認知症対策を促進する……いまや認知症の高齢者は462万人とされ、軽度認知障害のある人も400万人いると推計されています(2012年時点・厚労省調査)。高齢者の3~4人に1人は認知症か、軽度認知障害という状況です。ところが、現行の介護保険では利用できるサービスに限度があり、“認知症のお世話はもっぱら家族任せ”という高齢者が膨大な数にのぼっています。

 徘徊症状のある認知症の男性(愛知県在住)が電車にはねられて死亡し、JR東海が、「監督が不十分」と遺族を訴えた訴訟については、最高裁判所でJR東海側の訴えを退ける判決が確定しましたが、認知症の高齢者を支える家族が、同様の状況に追い込まれる危険は、依然として解消されていません。

 認知症の高齢者に対応する公的介護サービス・介護基盤を抜本的に拡充するとともに、認知症の早期の発見・診断、初期の相談と家族への支援から、終末期のケア・看取りまで、切れ目なく治療と支援を行う、医療・保健・福祉の連携体制の構築をすすめます。

 2012年9月、厚労省が、認知症の初期対応の重要性を強調する「認知症施策推進5ケ年計画(オレンジプラン)」を発表したことが、関係者から歓迎されています。その一方で、同プランが、精神科病院に入院している5万2000人の認知症の人を「できる限り短い期間での退院をめざす」と強調し、「ある月に入院した人」の50%を退院させる目標期間を、現在の「6ケ月」から「2ケ月」に短縮したことに、「受け皿もないままの追い出しになるのではないか」という不安、疑問が広がっています。

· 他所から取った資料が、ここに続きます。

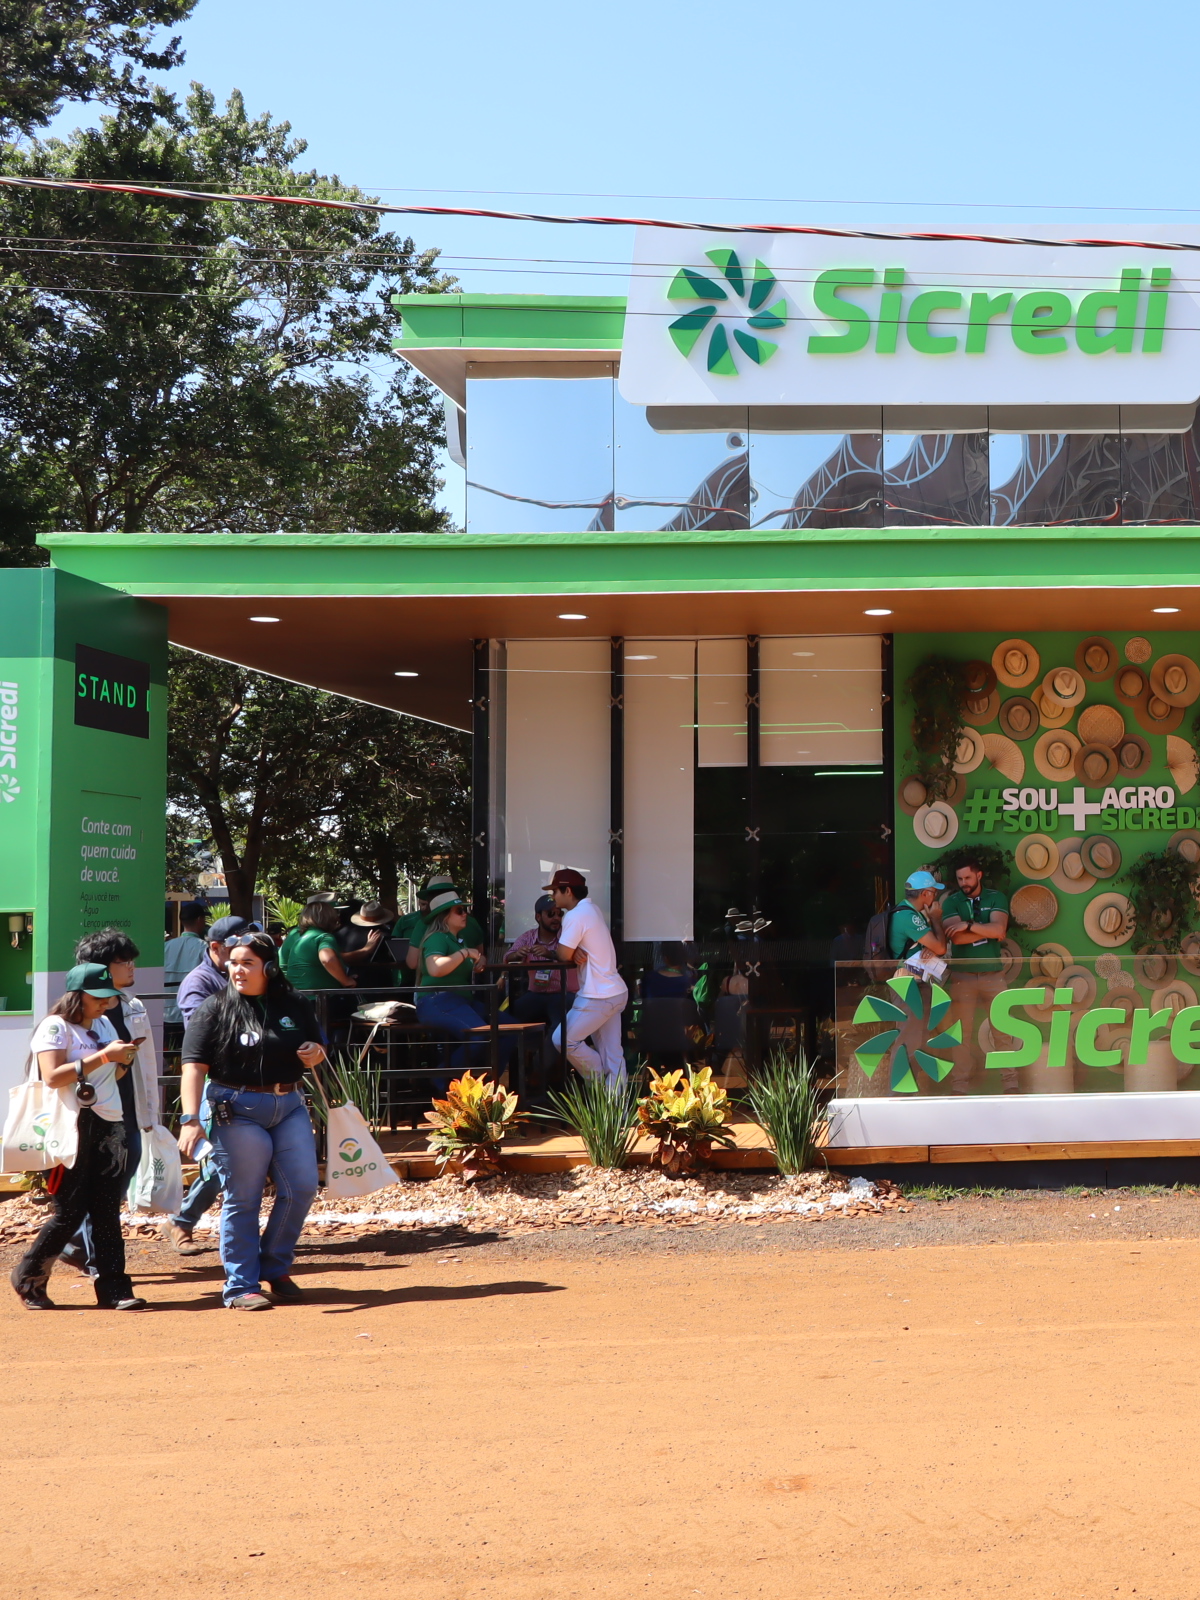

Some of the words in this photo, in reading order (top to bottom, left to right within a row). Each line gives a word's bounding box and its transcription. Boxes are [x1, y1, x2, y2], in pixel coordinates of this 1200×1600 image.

 給付費削減のための「追い出し」ではなく、安価に利用できるグループホームや介護施設の計画的増設など、認知症の人が地域でくらせる基盤の緊急整備をすすめながら、在宅復帰をすすめていきます。

認知症対策に真っ向から反する、“要支援者切り”“軽度者切り”“介護とりあげ”の制度改悪に反対します。